Vol. 83, No. 5, May 2010
You are not going to believe this one. A week ago a young couple came in to the office. They had financial problems: he was recently bankrupt and she was recently divorced. They wanted to buy a farmette.
Not to worry. They went to the Internet and found a guy who would help them find property without the need for a mortgage. They met the guy, whom I will refer to as “agent.” Here was the deal: they would put down $10,000 and make payments, then refinance the deal at the end of a year. It looks orthodox, doesn’t it?
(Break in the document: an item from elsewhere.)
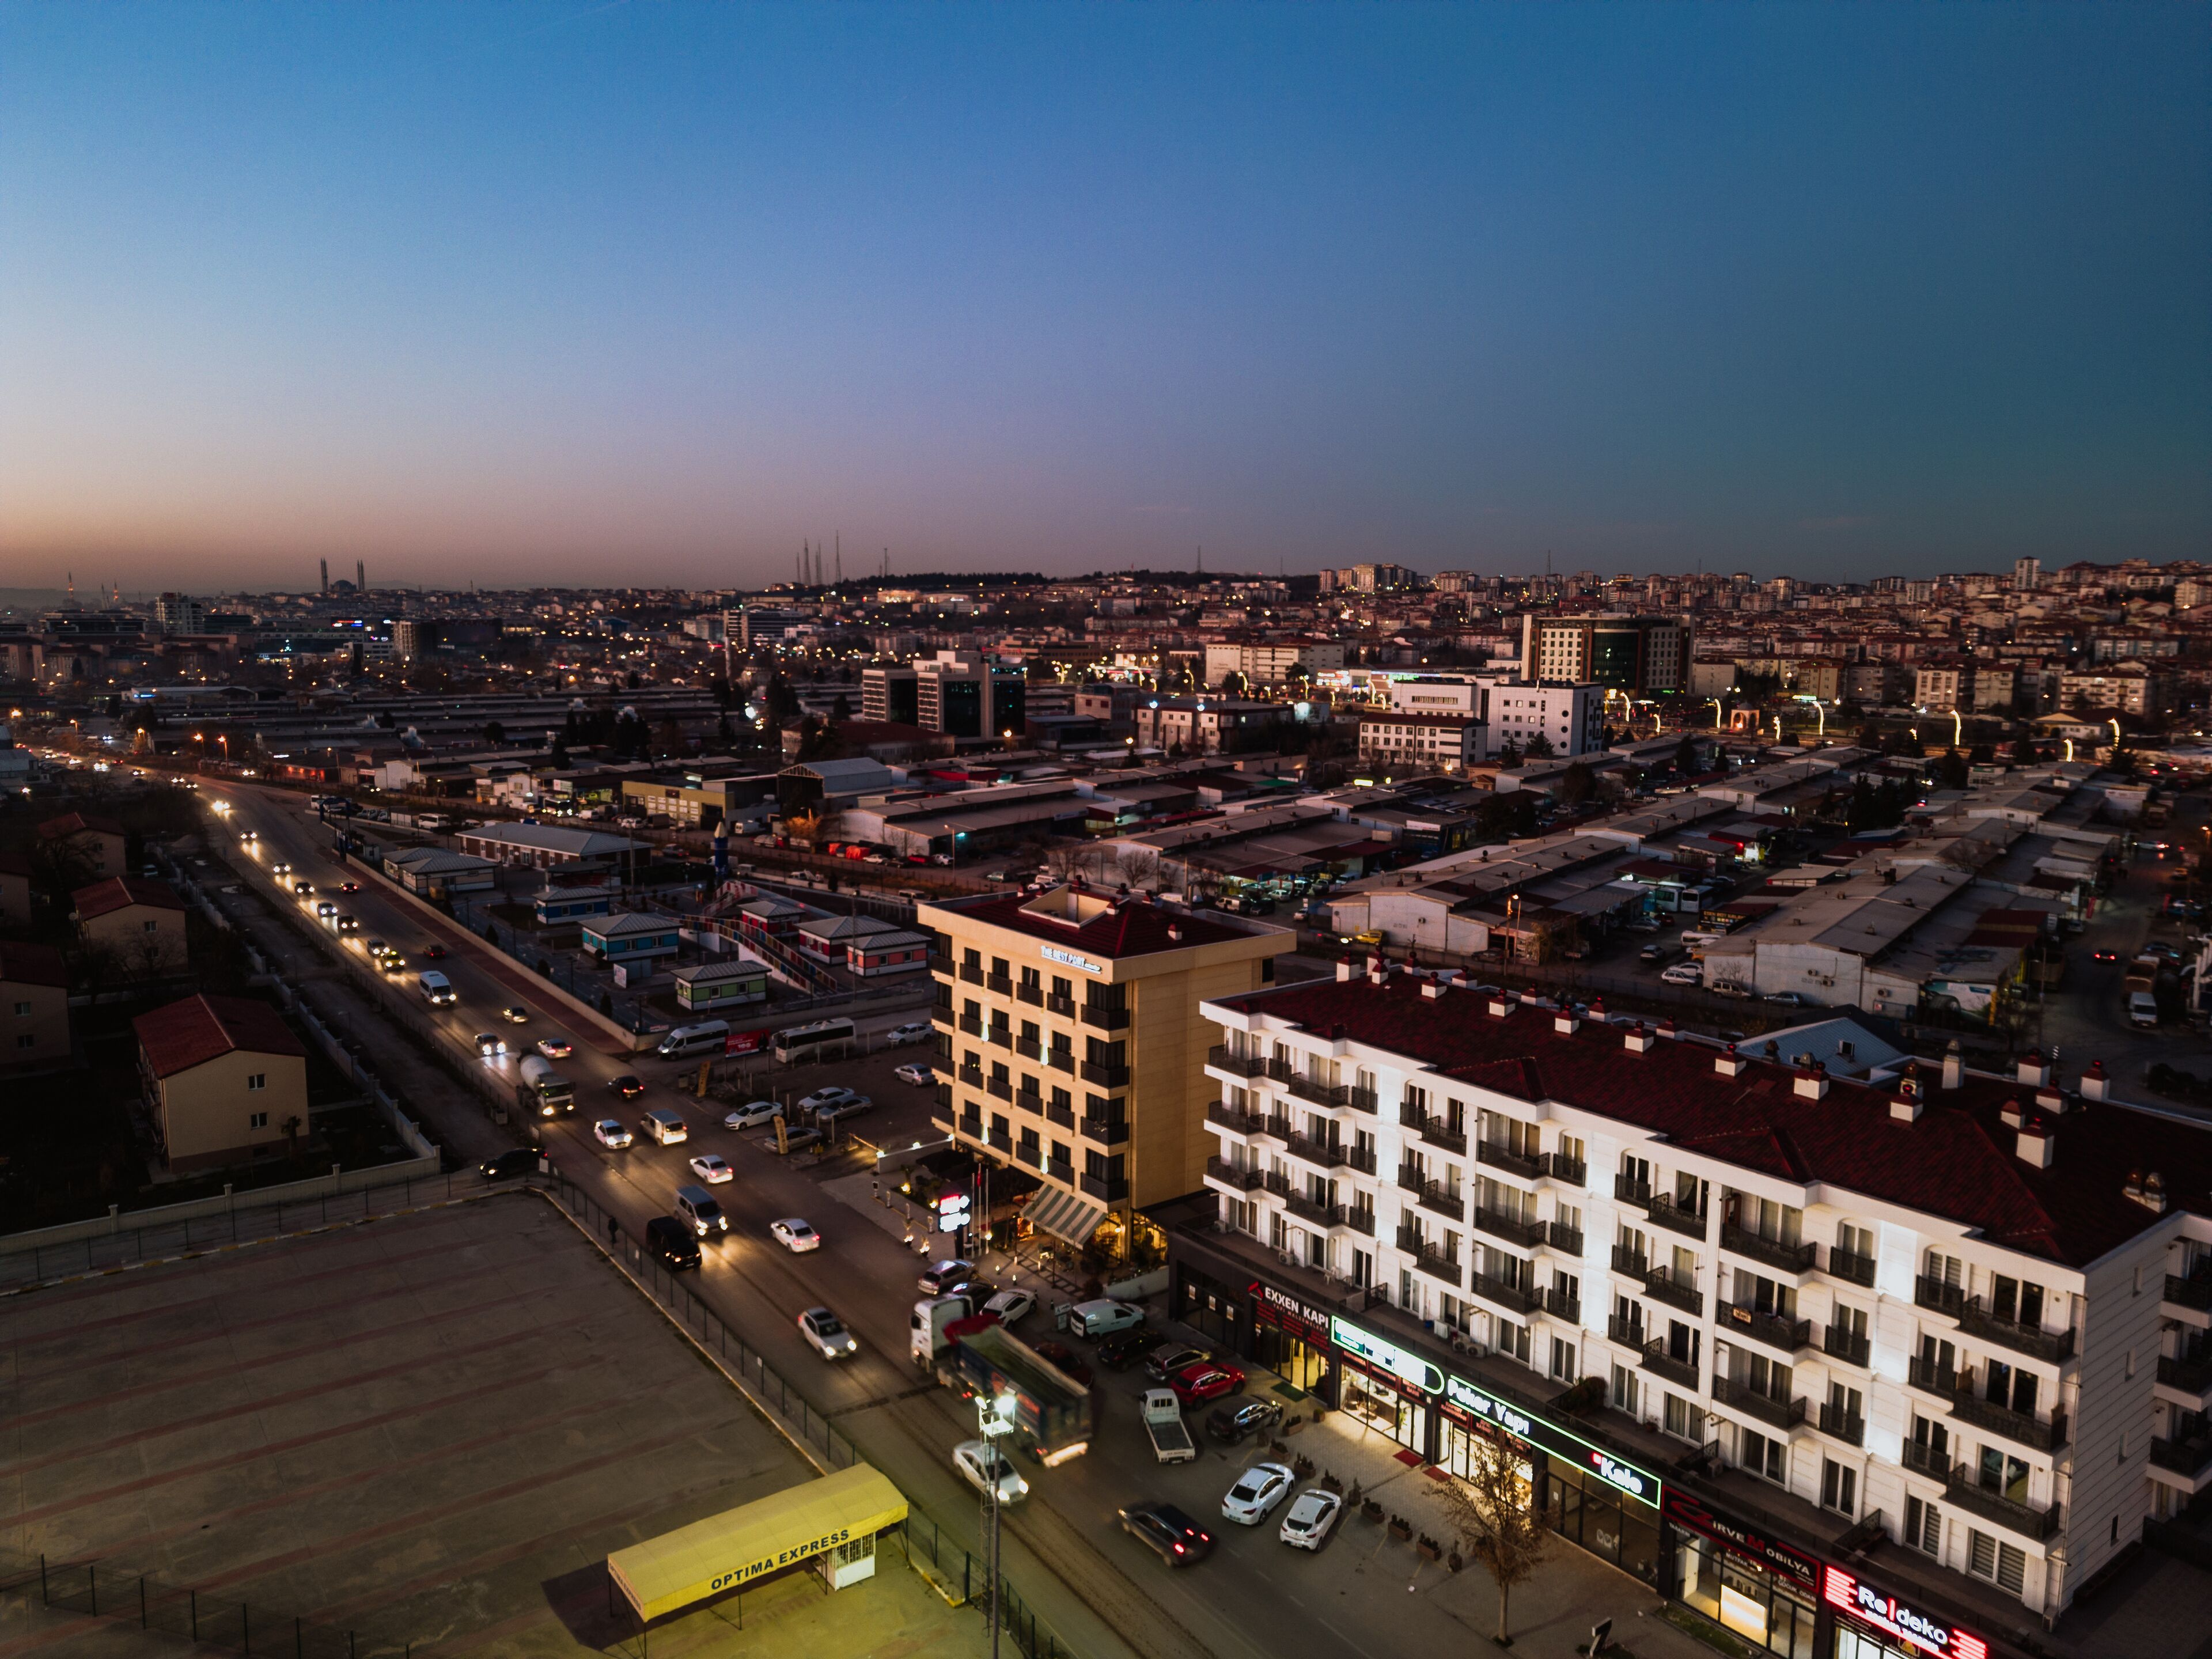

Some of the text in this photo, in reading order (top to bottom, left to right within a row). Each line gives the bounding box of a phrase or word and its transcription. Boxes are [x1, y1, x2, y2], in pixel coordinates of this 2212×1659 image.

[1265, 1287, 1298, 1313] EXXEN
[1303, 1305, 1329, 1328] KAPI
[1601, 1456, 1643, 1494] Kale
[711, 1529, 850, 1590] OPTIMA EXPRESS
They did not have the $10,000. Not to worry, the agent gave them $10,000 in cash (in a suitcase, just like in the movies) at the closing. They signed over their truck and boat in exchange. The $10,000 then went to the seller, Sally Smith, who deposited it in her account, made a cash withdrawal of $10,000, and then gave it back to the agent. I assume this was the commission.
The agent then drafted the paperwork. He provided a two-page “Owner Finance Contract,” replete with phrases and paragraphs apparently lifted from some Internet site. The deal was structured like this: Buyer would take possession of the farmette at N222 Duncan Road. (It turns out the “farmette” was a 10-acre parcel on the certified survey map, but the agent couldn’t use that legal description very well because the seller planned, and did, after the closing reconfigure the lot to a three-acre plot.) The contract was not recordable for several reasons.
The buyer was not really buying land but instead was buying the “beneficial interest” in the “N222 Duncan Road Trust.” The buyer was to execute a deed to the trust and leave the deed with Sally Smith so that, should the buyers not perform properly, Sally could simply record the deed. The agent drafted the deed, too. I haven’t seen it.
But I have seen the Warranty Deed from Sally Smith to the trust (drafted by the agent). By the deed, Sally “aliens, remises, releases and confirms” title to the trust “known as Trust Number 222.” Never mind that Sally had a quarter of a million dollar mortgage on the property – it wasn’t mentioned. I checked and the prior mortgage did contain the standard “due on sale” provisions.
The deal had some other cute features – for example, the buyer could renew the contract, but no explanation was given for how many times or for how long. Someone was to pay the taxes – in one paragraph it was the seller and in another the buyer. No interest rate was stated. The contract was not even called a land contract, a lease, a lease with option, or anything else you might recognize.
The buyers were to refinance at the end of a year with a loan shark that had a relationship with the agent. We do not yet know exactly what that relationship is.
During the one-year life of the contract, Sally continued to use the property, and even harvested trees from it.
This will come as a surprise to all of you, but the deal went south. All payments were made on time (or within the grace period) but Sally gave the buyers a 30-day notice to get out.
A quick check reveals that the agent is not a registered loan broker, not a realtor, and not a lawyer. There are mechanisms to report him for plying two of the three trades without a license. Guess which one is completely unregulated? You got it – only when wearing his lawyer’s hat is the guy above the law. Look it up for yourselves: Wis. Stat. section 757.30 prohibits practicing law without a license – but he didn’t do that. He didn’t appear in “any action or proceeding in or before any court of record.” And he didn’t call himself “attorney at law, lawyer, solicitor, counselor, attorney” or any of the other prohibited monikers.
I may not be able to accomplish everything I set out to accomplish as your State Bar president, but I think I can do something about the unauthorized practice of law. You are aware that on March 8, the State Bar appeared before the Wisconsin Supreme Court on your behalf and on behalf of the consuming public, and tried to get a definition of the practice of law from the court, so that section 757.30 will have some teeth. The court unanimously adopted its own working draft of the definition and indicated it is receptive to further entreaty from the State Bar this spring. We will be there. Some of our Unauthorized Practice of Law Committee members have spent 20 years working on this problem, and we will not quit until the supreme court turns us away. I do not think the justices will do that. As divergent as the views are on our court, as different as the personalities are, and as internally conflicted as they are about the public policy of the court, the justices all seem to understand that the public must be protected not only from charlatans who pretend to be lawyers but also from those who, in fact, practice law without a license. Keep your fingers crossed. We won’t give up.